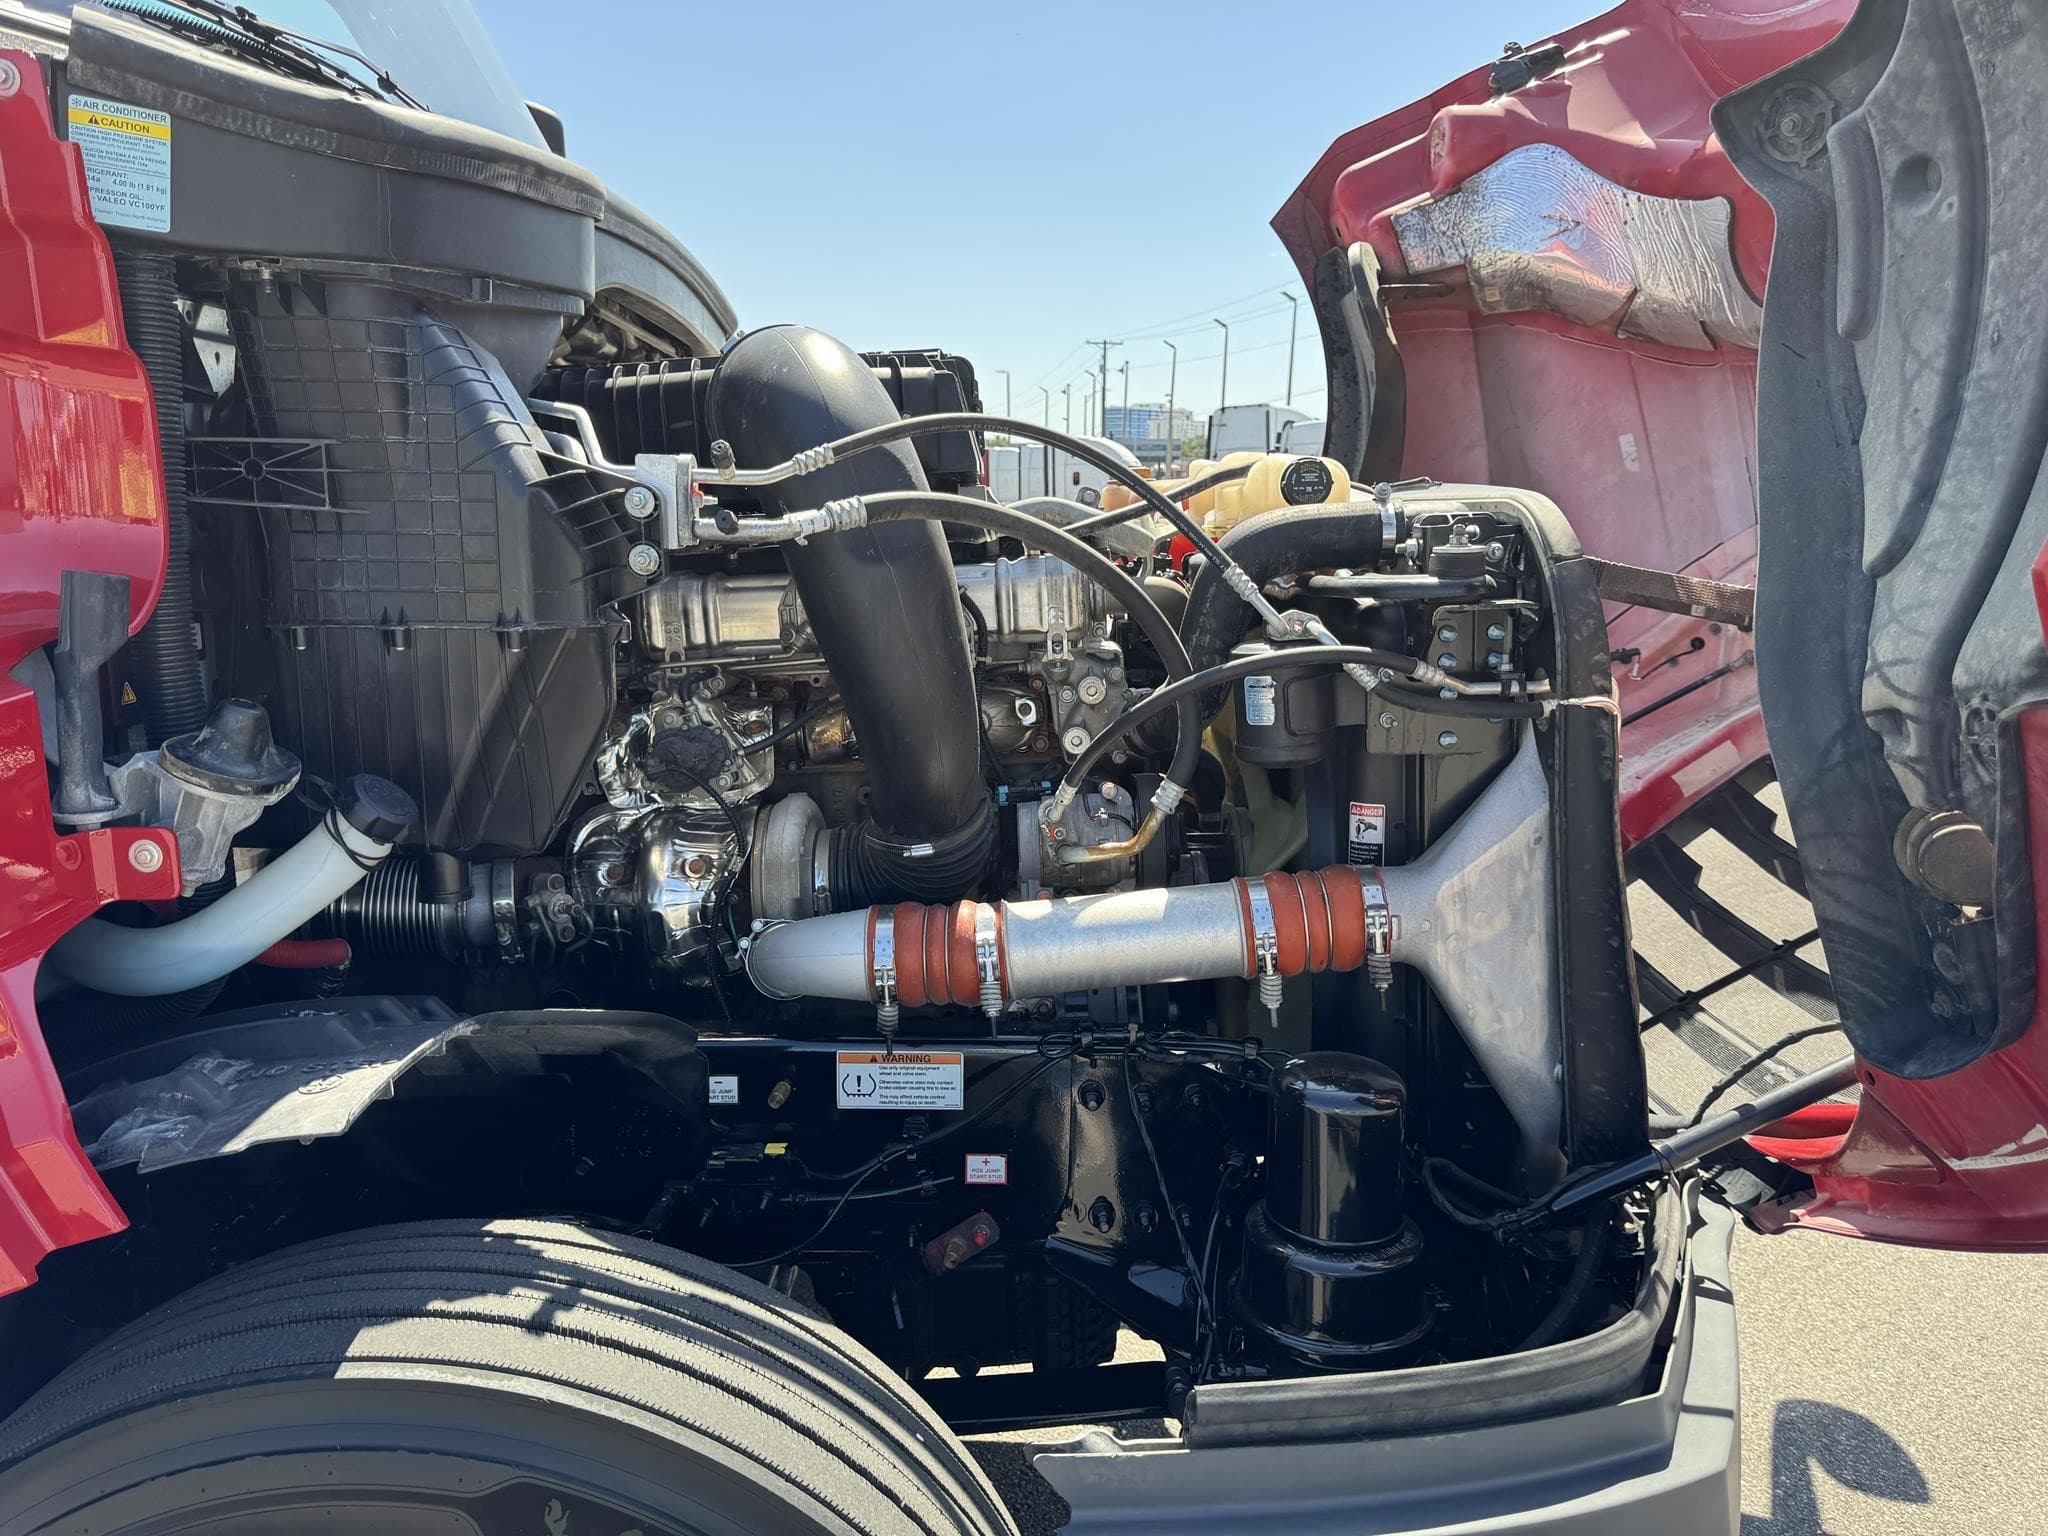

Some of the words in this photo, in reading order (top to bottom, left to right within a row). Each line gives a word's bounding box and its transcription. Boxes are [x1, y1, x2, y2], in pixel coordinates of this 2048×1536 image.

[83, 100, 99, 111] AIR
[102, 104, 167, 123] CONDITIONER
[70, 125, 96, 133] CAUTION
[113, 131, 143, 142] PRESSURE
[101, 118, 150, 134] CAUTION
[71, 131, 100, 140] CONTAINS
[101, 136, 141, 148] REFRIGERANT
[87, 167, 129, 180] RIGERANT:
[88, 186, 127, 198] PRESSOR
[112, 178, 128, 187] 4.00
[129, 180, 136, 189] lb
[138, 183, 154, 192] (1.81
[156, 186, 168, 195] kg)
[96, 194, 126, 205] VALEO
[129, 200, 166, 212] VC100YF
[1356, 807, 1382, 816] DANGER
[881, 1054, 931, 1063] WARNING
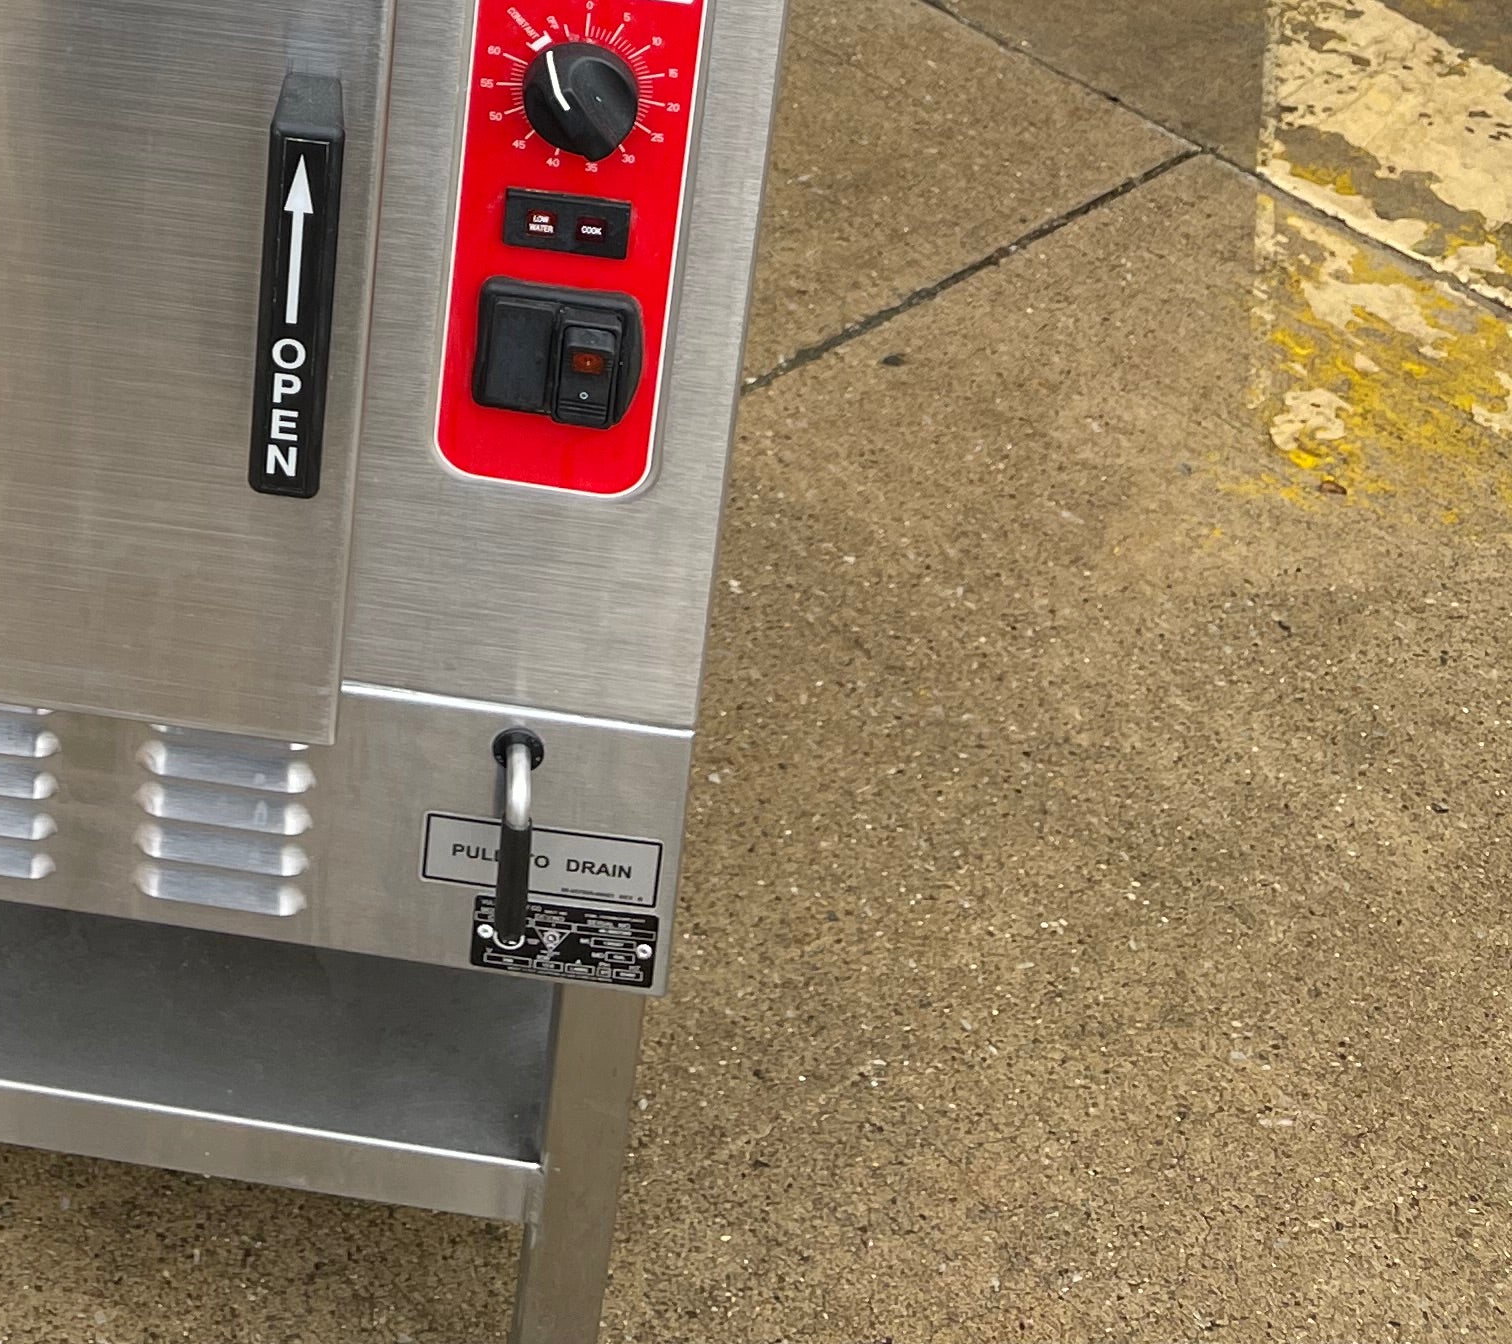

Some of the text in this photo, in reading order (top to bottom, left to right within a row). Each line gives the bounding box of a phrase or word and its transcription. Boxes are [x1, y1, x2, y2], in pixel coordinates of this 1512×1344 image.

[586, 1, 593, 10] 0
[624, 12, 631, 22] 5
[507, 7, 539, 40] CONSTANT
[546, 15, 559, 30] OFF
[652, 36, 662, 47] 10
[488, 46, 501, 55] 60
[668, 69, 679, 78] 15
[480, 79, 494, 88] 55
[667, 103, 680, 112] 20
[489, 112, 503, 121] 50
[650, 133, 664, 143] 25
[512, 140, 526, 149] 45
[546, 158, 560, 167] 40
[621, 154, 635, 163] 30
[585, 162, 598, 172] 35
[533, 214, 549, 223] LOW
[529, 223, 554, 234] WATER
[581, 225, 602, 236] COOK
[265, 338, 307, 477] OPEN
[532, 853, 550, 869] O
[566, 859, 632, 879] DRAIN

————————

* **Task brief**
From the first line to the last, write out the data exactly, dropping any pictures.

* **Solution below**
Some of the words in this photo, in reading order (top to bottom, left to right within a row). Each line gives a word's bounding box and its transcription. Boxes are [x1, y1, x2, y2], in pixel coordinates of this 2048×1536 image.

[83, 100, 99, 111] AIR
[102, 104, 167, 123] CONDITIONER
[70, 125, 96, 133] CAUTION
[113, 131, 143, 142] PRESSURE
[101, 118, 150, 134] CAUTION
[71, 131, 100, 140] CONTAINS
[101, 136, 141, 148] REFRIGERANT
[87, 167, 129, 180] RIGERANT:
[88, 186, 127, 198] PRESSOR
[112, 178, 128, 187] 4.00
[129, 180, 136, 189] lb
[138, 183, 154, 192] (1.81
[156, 186, 168, 195] kg)
[96, 194, 126, 205] VALEO
[129, 200, 166, 212] VC100YF
[1356, 807, 1382, 816] DANGER
[881, 1054, 931, 1063] WARNING

Some of the text in this photo, in reading order (top to bottom, left to right within a row). Each line gives the bounding box of a phrase or word and its transcription. Boxes are [x1, y1, x2, y2], in pixel coordinates of this 1512×1344 image.

[586, 1, 593, 10] 0
[624, 12, 631, 22] 5
[507, 7, 539, 40] CONSTANT
[546, 15, 559, 30] OFF
[652, 36, 662, 47] 10
[488, 46, 501, 55] 60
[668, 69, 679, 78] 15
[480, 79, 494, 88] 55
[667, 103, 680, 112] 20
[489, 112, 503, 121] 50
[650, 133, 664, 143] 25
[512, 140, 526, 149] 45
[546, 158, 560, 167] 40
[621, 154, 635, 163] 30
[585, 162, 598, 172] 35
[533, 214, 549, 223] LOW
[529, 223, 554, 234] WATER
[581, 225, 602, 236] COOK
[265, 338, 307, 477] OPEN
[532, 853, 550, 869] O
[566, 859, 632, 879] DRAIN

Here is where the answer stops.